TASK REQUIREMENTS -
Transcribe all of the records word for word, but omit the pictures.

[Dataset entries]
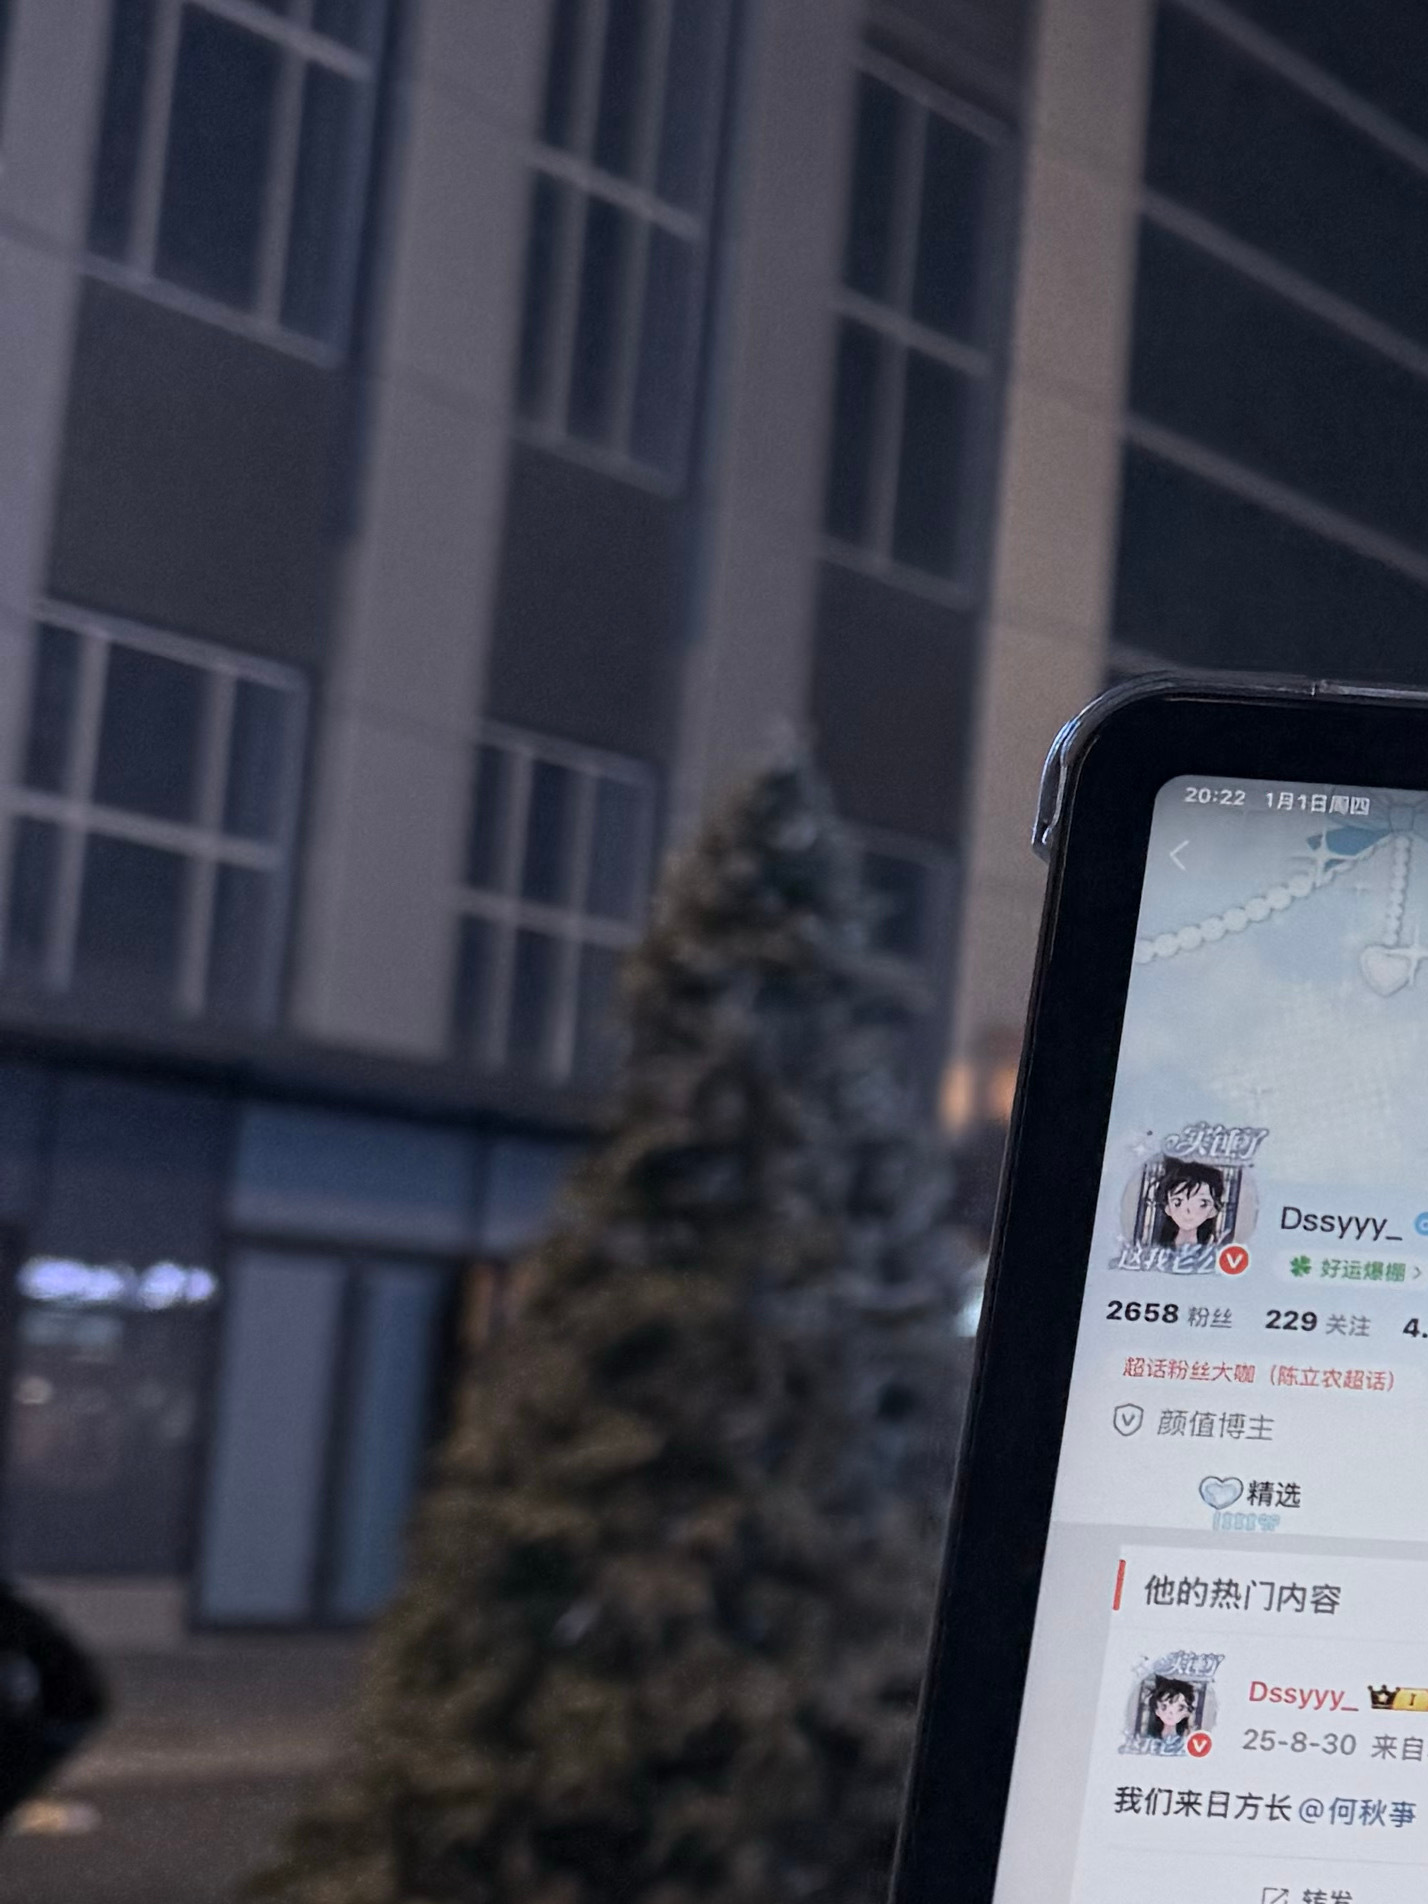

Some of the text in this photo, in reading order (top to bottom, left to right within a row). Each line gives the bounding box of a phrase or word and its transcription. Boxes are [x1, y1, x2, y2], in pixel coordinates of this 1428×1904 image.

[1184, 786, 1371, 816] 20:22 1月1日周四
[1319, 1257, 1407, 1282] 好运爆棚
[1104, 1299, 1180, 1325] 2658
[1187, 1306, 1234, 1330] 粉丝
[1265, 1309, 1319, 1333] 229
[1325, 1314, 1372, 1338] 关注
[1157, 1408, 1275, 1442] 颜值博主
[1247, 1480, 1301, 1508] 精选
[1144, 1574, 1343, 1616] 他的热门内容
[1242, 1728, 1358, 1757] 25-8-30
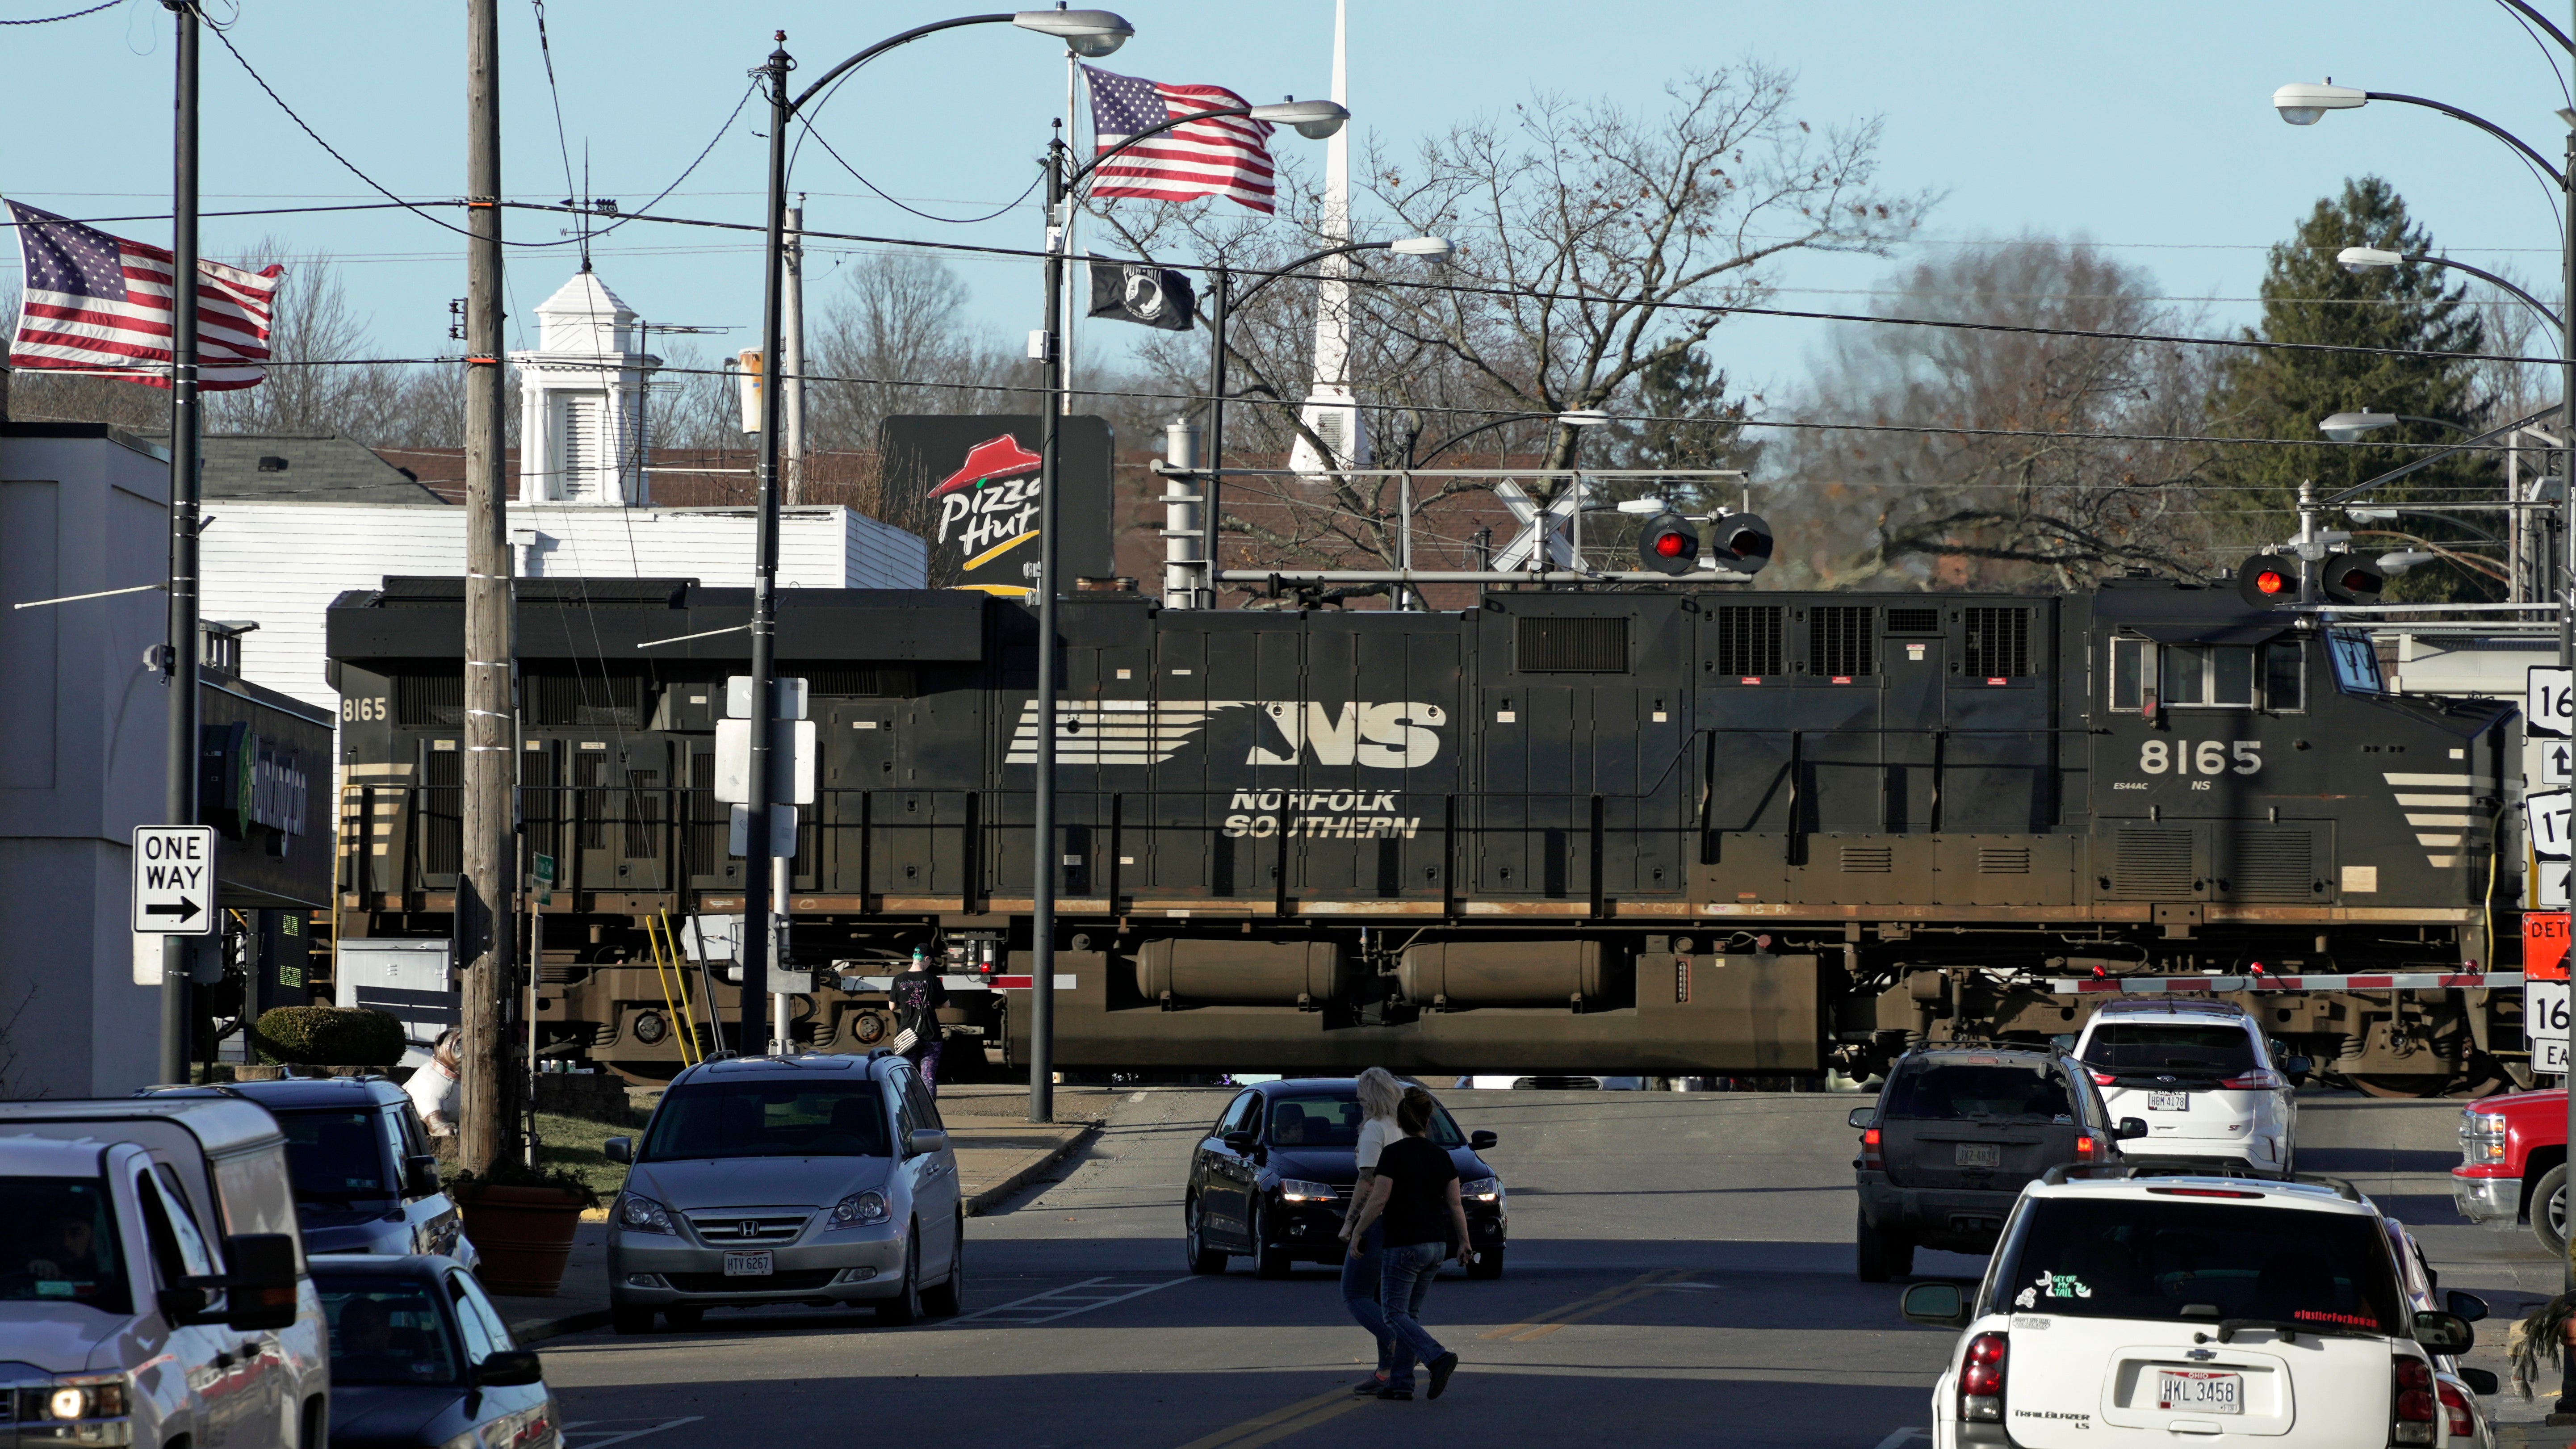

WRITTEN RESPONSE -
Some of the text in this photo, in reading order (top to bottom, left to right within a row). Each line gives the bounding box of a phrase or word and its transcription. Boxes are [x1, y1, x2, y2], in pixel coordinates of this 1428×1904 image.

[1184, 786, 1371, 816] 20:22 1月1日周四
[1319, 1257, 1407, 1282] 好运爆棚
[1104, 1299, 1180, 1325] 2658
[1187, 1306, 1234, 1330] 粉丝
[1265, 1309, 1319, 1333] 229
[1325, 1314, 1372, 1338] 关注
[1157, 1408, 1275, 1442] 颜值博主
[1247, 1480, 1301, 1508] 精选
[1144, 1574, 1343, 1616] 他的热门内容
[1242, 1728, 1358, 1757] 25-8-30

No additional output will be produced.